◆ AIM OF THE TASK ◆
Transcribe every entry below word for word, but skip the pictures.

─── PROVIDED RECORDS ───

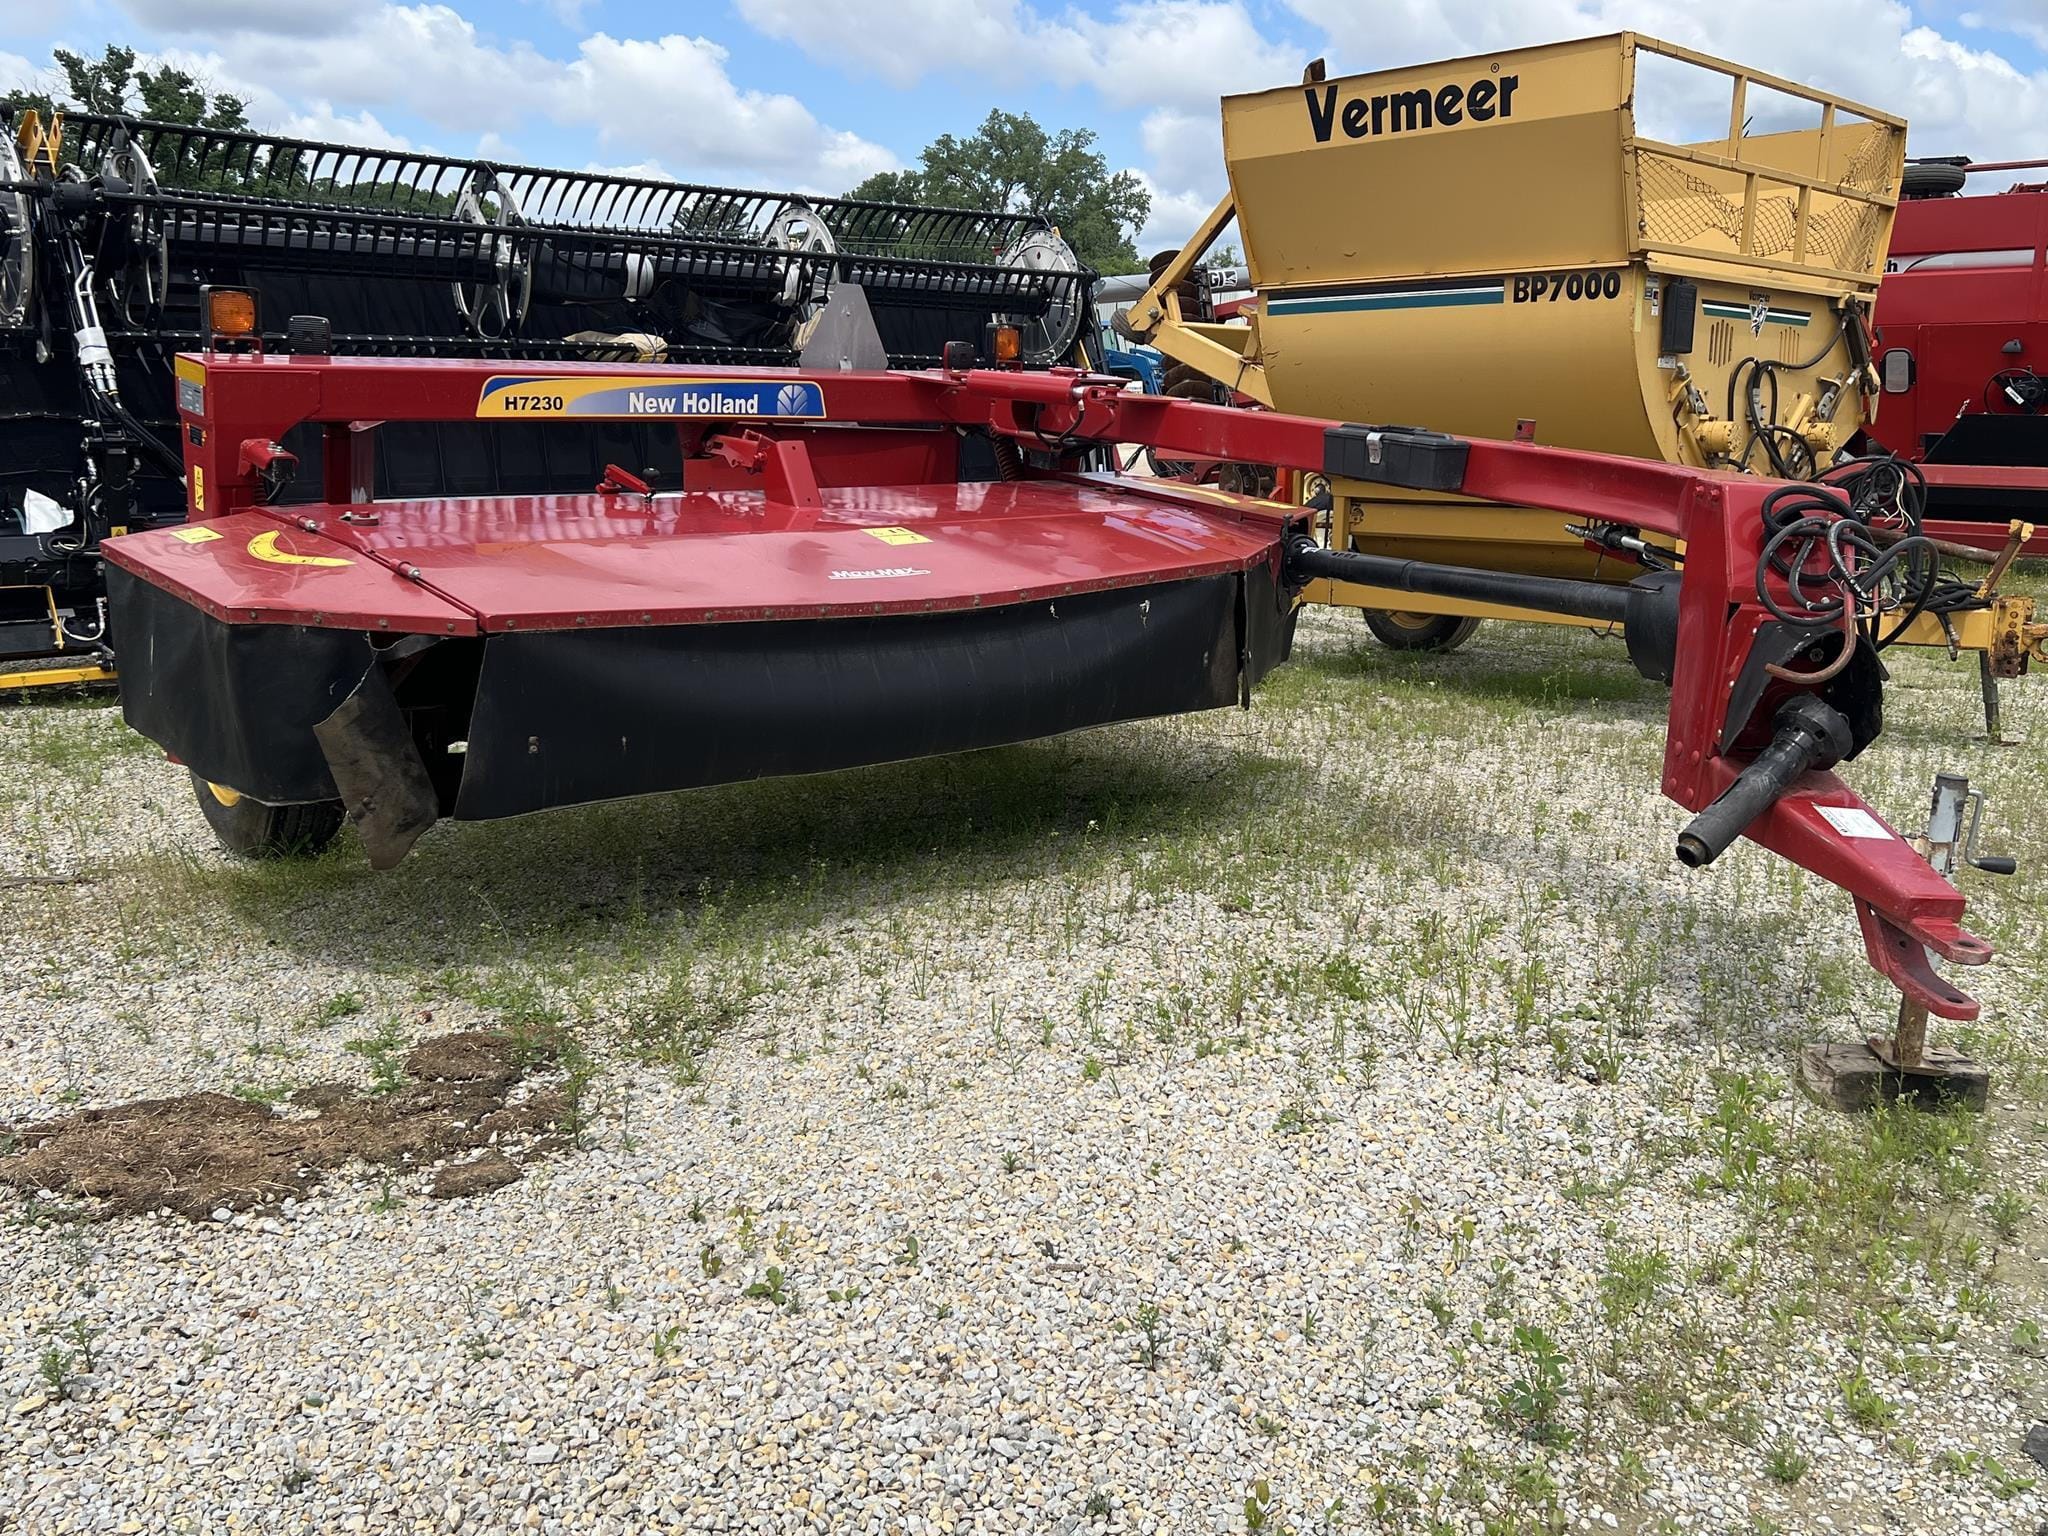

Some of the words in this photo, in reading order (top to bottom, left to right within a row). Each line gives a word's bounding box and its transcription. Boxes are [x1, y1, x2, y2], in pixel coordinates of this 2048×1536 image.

[1305, 75, 1519, 143] Vermeer
[1513, 271, 1621, 303] BP7000
[504, 396, 564, 411] H7230
[629, 392, 674, 413] New
[682, 394, 759, 415] Holland
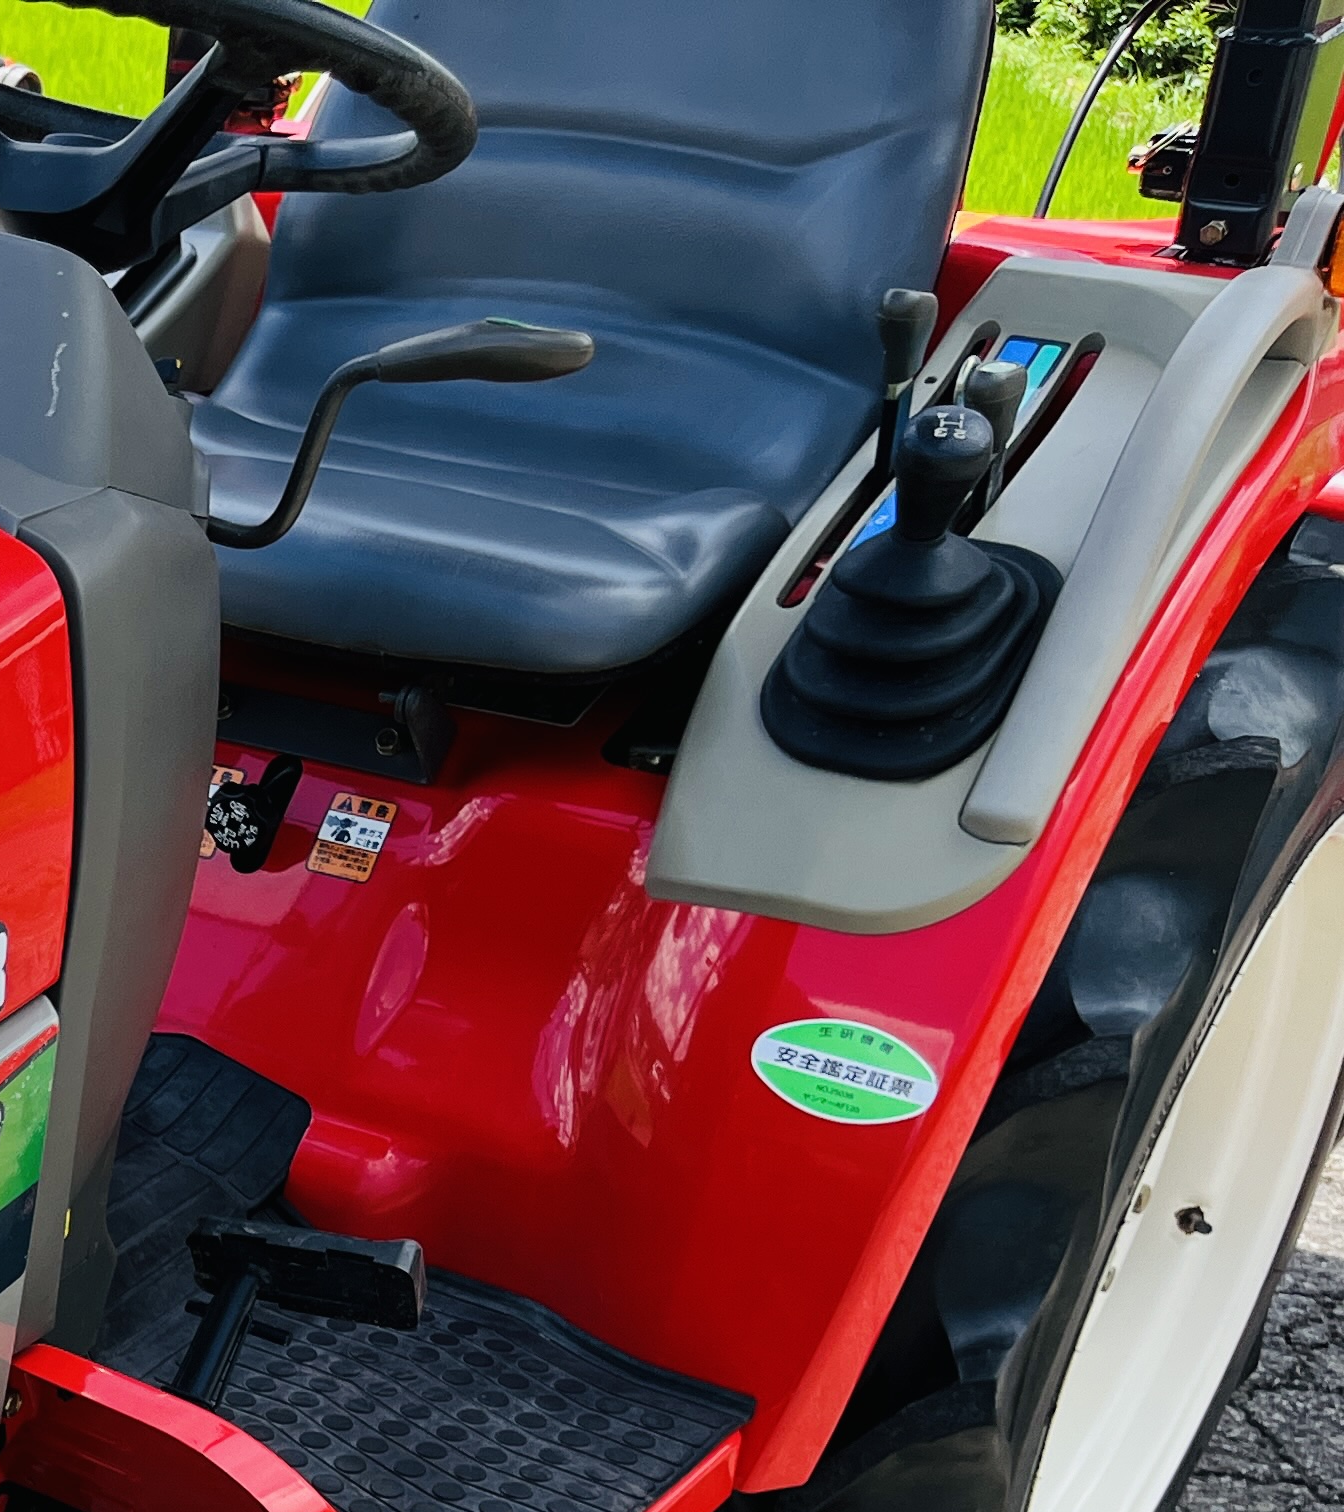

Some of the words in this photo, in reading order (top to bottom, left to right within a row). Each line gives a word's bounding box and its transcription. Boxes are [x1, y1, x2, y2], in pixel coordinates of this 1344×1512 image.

[774, 1046, 915, 1098] 安全鑑定証票

───

◆ SOLUTION TO THE EXERCISE ◆
Some of the words in this photo, in reading order (top to bottom, left to right within a row). Each line gives a word's bounding box and its transcription. Boxes are [x1, y1, x2, y2], in pixel coordinates of this 2048×1536 image.

[1305, 75, 1519, 143] Vermeer
[1513, 271, 1621, 303] BP7000
[504, 396, 564, 411] H7230
[629, 392, 674, 413] New
[682, 394, 759, 415] Holland

Some of the words in this photo, in reading order (top to bottom, left to right within a row). Each line gives a word's bounding box and its transcription. Boxes are [x1, y1, x2, y2], in pixel coordinates of this 1344×1512 image.

[774, 1046, 915, 1098] 安全鑑定証票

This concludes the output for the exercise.